─── RAW DATA

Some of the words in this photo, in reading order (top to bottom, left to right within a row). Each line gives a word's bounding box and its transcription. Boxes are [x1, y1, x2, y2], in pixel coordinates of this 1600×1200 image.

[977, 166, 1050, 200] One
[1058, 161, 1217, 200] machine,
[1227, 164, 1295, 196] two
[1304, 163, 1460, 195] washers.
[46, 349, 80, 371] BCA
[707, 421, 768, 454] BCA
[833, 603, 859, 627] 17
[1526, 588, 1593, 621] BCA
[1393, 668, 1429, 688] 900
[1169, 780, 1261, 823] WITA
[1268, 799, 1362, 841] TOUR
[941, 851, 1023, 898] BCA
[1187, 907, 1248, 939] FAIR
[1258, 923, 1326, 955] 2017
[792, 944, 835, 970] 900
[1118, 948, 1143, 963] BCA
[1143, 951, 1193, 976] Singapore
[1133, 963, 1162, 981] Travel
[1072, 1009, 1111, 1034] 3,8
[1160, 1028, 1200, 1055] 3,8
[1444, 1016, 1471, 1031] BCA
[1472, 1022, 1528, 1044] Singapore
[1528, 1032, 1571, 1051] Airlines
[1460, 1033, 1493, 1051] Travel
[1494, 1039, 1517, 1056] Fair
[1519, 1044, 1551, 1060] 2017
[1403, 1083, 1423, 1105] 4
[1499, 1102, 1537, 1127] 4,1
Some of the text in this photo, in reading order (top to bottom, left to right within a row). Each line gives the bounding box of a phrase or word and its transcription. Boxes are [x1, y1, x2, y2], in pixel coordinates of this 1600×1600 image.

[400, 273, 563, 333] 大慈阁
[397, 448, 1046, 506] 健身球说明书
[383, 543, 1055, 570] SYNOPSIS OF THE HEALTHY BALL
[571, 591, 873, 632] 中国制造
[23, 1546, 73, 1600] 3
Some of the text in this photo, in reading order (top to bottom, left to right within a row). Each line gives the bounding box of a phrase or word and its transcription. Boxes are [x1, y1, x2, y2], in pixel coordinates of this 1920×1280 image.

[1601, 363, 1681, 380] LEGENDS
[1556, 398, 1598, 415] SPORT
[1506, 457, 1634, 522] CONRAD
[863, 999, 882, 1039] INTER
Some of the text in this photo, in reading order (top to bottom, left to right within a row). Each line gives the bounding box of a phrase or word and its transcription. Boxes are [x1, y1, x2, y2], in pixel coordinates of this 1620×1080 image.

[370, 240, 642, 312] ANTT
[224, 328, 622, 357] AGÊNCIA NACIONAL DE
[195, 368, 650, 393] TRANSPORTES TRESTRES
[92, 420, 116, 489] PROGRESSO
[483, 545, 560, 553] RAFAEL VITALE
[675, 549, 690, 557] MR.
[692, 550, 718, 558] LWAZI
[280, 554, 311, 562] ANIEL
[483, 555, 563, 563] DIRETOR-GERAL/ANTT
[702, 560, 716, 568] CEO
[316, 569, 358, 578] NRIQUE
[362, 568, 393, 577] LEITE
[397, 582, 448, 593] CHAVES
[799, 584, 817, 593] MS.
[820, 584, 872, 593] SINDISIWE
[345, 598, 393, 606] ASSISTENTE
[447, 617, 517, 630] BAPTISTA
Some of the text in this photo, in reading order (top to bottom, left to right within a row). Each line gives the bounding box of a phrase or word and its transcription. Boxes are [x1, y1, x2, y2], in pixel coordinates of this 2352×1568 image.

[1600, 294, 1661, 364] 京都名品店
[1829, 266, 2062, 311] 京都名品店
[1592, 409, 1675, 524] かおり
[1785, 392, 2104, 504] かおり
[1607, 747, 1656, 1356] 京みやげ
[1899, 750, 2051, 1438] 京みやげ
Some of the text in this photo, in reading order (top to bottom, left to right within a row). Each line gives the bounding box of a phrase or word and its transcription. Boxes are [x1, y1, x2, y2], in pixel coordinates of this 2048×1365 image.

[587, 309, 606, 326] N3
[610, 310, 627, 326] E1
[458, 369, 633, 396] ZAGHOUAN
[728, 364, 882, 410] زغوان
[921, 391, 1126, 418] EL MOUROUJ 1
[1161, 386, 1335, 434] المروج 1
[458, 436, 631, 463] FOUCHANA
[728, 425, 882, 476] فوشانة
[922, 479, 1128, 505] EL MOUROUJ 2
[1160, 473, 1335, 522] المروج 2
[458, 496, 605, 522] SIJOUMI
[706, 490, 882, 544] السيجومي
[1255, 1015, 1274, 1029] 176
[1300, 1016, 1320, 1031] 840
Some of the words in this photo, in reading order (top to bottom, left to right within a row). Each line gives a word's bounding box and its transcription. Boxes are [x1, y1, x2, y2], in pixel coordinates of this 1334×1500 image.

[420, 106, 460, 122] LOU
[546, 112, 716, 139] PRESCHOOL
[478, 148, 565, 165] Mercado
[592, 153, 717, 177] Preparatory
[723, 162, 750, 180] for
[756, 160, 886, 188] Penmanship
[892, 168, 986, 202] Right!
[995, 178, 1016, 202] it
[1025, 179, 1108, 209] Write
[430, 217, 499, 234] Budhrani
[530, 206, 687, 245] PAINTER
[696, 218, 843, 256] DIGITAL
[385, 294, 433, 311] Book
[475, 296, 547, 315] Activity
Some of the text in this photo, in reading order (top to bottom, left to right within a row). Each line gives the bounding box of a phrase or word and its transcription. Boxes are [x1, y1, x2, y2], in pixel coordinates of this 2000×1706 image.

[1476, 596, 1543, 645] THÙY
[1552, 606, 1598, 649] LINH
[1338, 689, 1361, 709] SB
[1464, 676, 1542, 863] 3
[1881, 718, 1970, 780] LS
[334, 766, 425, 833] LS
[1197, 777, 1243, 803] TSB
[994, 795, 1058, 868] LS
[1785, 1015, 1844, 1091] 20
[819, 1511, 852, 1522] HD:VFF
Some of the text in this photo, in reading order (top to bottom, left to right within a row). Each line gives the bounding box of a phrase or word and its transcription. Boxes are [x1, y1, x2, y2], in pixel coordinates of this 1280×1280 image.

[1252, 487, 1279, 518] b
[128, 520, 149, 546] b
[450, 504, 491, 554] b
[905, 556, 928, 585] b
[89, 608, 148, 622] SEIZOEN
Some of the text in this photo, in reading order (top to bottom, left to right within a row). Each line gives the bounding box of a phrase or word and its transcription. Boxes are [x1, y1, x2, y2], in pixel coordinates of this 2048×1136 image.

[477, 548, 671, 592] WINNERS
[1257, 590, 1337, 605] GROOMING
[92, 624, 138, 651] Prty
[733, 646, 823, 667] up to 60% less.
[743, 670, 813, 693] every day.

──────

THE TASK:
Exact copies of all entries are what's needed here.

RESULT OF THIS EXERCISE:
Some of the words in this photo, in reading order (top to bottom, left to right within a row). Each line gives a word's bounding box and its transcription. Boxes are [x1, y1, x2, y2], in pixel coordinates of this 1600×1200 image.

[977, 166, 1050, 200] One
[1058, 161, 1217, 200] machine,
[1227, 164, 1295, 196] two
[1304, 163, 1460, 195] washers.
[46, 349, 80, 371] BCA
[707, 421, 768, 454] BCA
[833, 603, 859, 627] 17
[1526, 588, 1593, 621] BCA
[1393, 668, 1429, 688] 900
[1169, 780, 1261, 823] WITA
[1268, 799, 1362, 841] TOUR
[941, 851, 1023, 898] BCA
[1187, 907, 1248, 939] FAIR
[1258, 923, 1326, 955] 2017
[792, 944, 835, 970] 900
[1118, 948, 1143, 963] BCA
[1143, 951, 1193, 976] Singapore
[1133, 963, 1162, 981] Travel
[1072, 1009, 1111, 1034] 3,8
[1160, 1028, 1200, 1055] 3,8
[1444, 1016, 1471, 1031] BCA
[1472, 1022, 1528, 1044] Singapore
[1528, 1032, 1571, 1051] Airlines
[1460, 1033, 1493, 1051] Travel
[1494, 1039, 1517, 1056] Fair
[1519, 1044, 1551, 1060] 2017
[1403, 1083, 1423, 1105] 4
[1499, 1102, 1537, 1127] 4,1
Some of the text in this photo, in reading order (top to bottom, left to right within a row). Each line gives the bounding box of a phrase or word and its transcription. Boxes are [x1, y1, x2, y2], in pixel coordinates of this 1600×1600 image.

[400, 273, 563, 333] 大慈阁
[397, 448, 1046, 506] 健身球说明书
[383, 543, 1055, 570] SYNOPSIS OF THE HEALTHY BALL
[571, 591, 873, 632] 中国制造
[23, 1546, 73, 1600] 3
Some of the text in this photo, in reading order (top to bottom, left to right within a row). Each line gives the bounding box of a phrase or word and its transcription. Boxes are [x1, y1, x2, y2], in pixel coordinates of this 1920×1280 image.

[1601, 363, 1681, 380] LEGENDS
[1556, 398, 1598, 415] SPORT
[1506, 457, 1634, 522] CONRAD
[863, 999, 882, 1039] INTER
Some of the text in this photo, in reading order (top to bottom, left to right within a row). Each line gives the bounding box of a phrase or word and its transcription. Boxes are [x1, y1, x2, y2], in pixel coordinates of this 1620×1080 image.

[370, 240, 642, 312] ANTT
[224, 328, 622, 357] AGÊNCIA NACIONAL DE
[195, 368, 650, 393] TRANSPORTES TRESTRES
[92, 420, 116, 489] PROGRESSO
[483, 545, 560, 553] RAFAEL VITALE
[675, 549, 690, 557] MR.
[692, 550, 718, 558] LWAZI
[280, 554, 311, 562] ANIEL
[483, 555, 563, 563] DIRETOR-GERAL/ANTT
[702, 560, 716, 568] CEO
[316, 569, 358, 578] NRIQUE
[362, 568, 393, 577] LEITE
[397, 582, 448, 593] CHAVES
[799, 584, 817, 593] MS.
[820, 584, 872, 593] SINDISIWE
[345, 598, 393, 606] ASSISTENTE
[447, 617, 517, 630] BAPTISTA
Some of the text in this photo, in reading order (top to bottom, left to right within a row). Each line gives the bounding box of a phrase or word and its transcription. Boxes are [x1, y1, x2, y2], in pixel coordinates of this 2352×1568 image.

[1600, 294, 1661, 364] 京都名品店
[1829, 266, 2062, 311] 京都名品店
[1592, 409, 1675, 524] かおり
[1785, 392, 2104, 504] かおり
[1607, 747, 1656, 1356] 京みやげ
[1899, 750, 2051, 1438] 京みやげ
Some of the text in this photo, in reading order (top to bottom, left to right within a row). Each line gives the bounding box of a phrase or word and its transcription. Boxes are [x1, y1, x2, y2], in pixel coordinates of this 2048×1365 image.

[587, 309, 606, 326] N3
[610, 310, 627, 326] E1
[458, 369, 633, 396] ZAGHOUAN
[728, 364, 882, 410] زغوان
[921, 391, 1126, 418] EL MOUROUJ 1
[1161, 386, 1335, 434] المروج 1
[458, 436, 631, 463] FOUCHANA
[728, 425, 882, 476] فوشانة
[922, 479, 1128, 505] EL MOUROUJ 2
[1160, 473, 1335, 522] المروج 2
[458, 496, 605, 522] SIJOUMI
[706, 490, 882, 544] السيجومي
[1255, 1015, 1274, 1029] 176
[1300, 1016, 1320, 1031] 840
Some of the words in this photo, in reading order (top to bottom, left to right within a row). Each line gives a word's bounding box and its transcription. Boxes are [x1, y1, x2, y2], in pixel coordinates of this 1334×1500 image.

[420, 106, 460, 122] LOU
[546, 112, 716, 139] PRESCHOOL
[478, 148, 565, 165] Mercado
[592, 153, 717, 177] Preparatory
[723, 162, 750, 180] for
[756, 160, 886, 188] Penmanship
[892, 168, 986, 202] Right!
[995, 178, 1016, 202] it
[1025, 179, 1108, 209] Write
[430, 217, 499, 234] Budhrani
[530, 206, 687, 245] PAINTER
[696, 218, 843, 256] DIGITAL
[385, 294, 433, 311] Book
[475, 296, 547, 315] Activity
Some of the text in this photo, in reading order (top to bottom, left to right within a row). Each line gives the bounding box of a phrase or word and its transcription. Boxes are [x1, y1, x2, y2], in pixel coordinates of this 2000×1706 image.

[1476, 596, 1543, 645] THÙY
[1552, 606, 1598, 649] LINH
[1338, 689, 1361, 709] SB
[1464, 676, 1542, 863] 3
[1881, 718, 1970, 780] LS
[334, 766, 425, 833] LS
[1197, 777, 1243, 803] TSB
[994, 795, 1058, 868] LS
[1785, 1015, 1844, 1091] 20
[819, 1511, 852, 1522] HD:VFF
Some of the text in this photo, in reading order (top to bottom, left to right within a row). Each line gives the bounding box of a phrase or word and its transcription. Boxes are [x1, y1, x2, y2], in pixel coordinates of this 1280×1280 image.

[1252, 487, 1279, 518] b
[128, 520, 149, 546] b
[450, 504, 491, 554] b
[905, 556, 928, 585] b
[89, 608, 148, 622] SEIZOEN
Some of the text in this photo, in reading order (top to bottom, left to right within a row). Each line gives the bounding box of a phrase or word and its transcription. Boxes are [x1, y1, x2, y2], in pixel coordinates of this 2048×1136 image.

[477, 548, 671, 592] WINNERS
[1257, 590, 1337, 605] GROOMING
[92, 624, 138, 651] Prty
[733, 646, 823, 667] up to 60% less.
[743, 670, 813, 693] every day.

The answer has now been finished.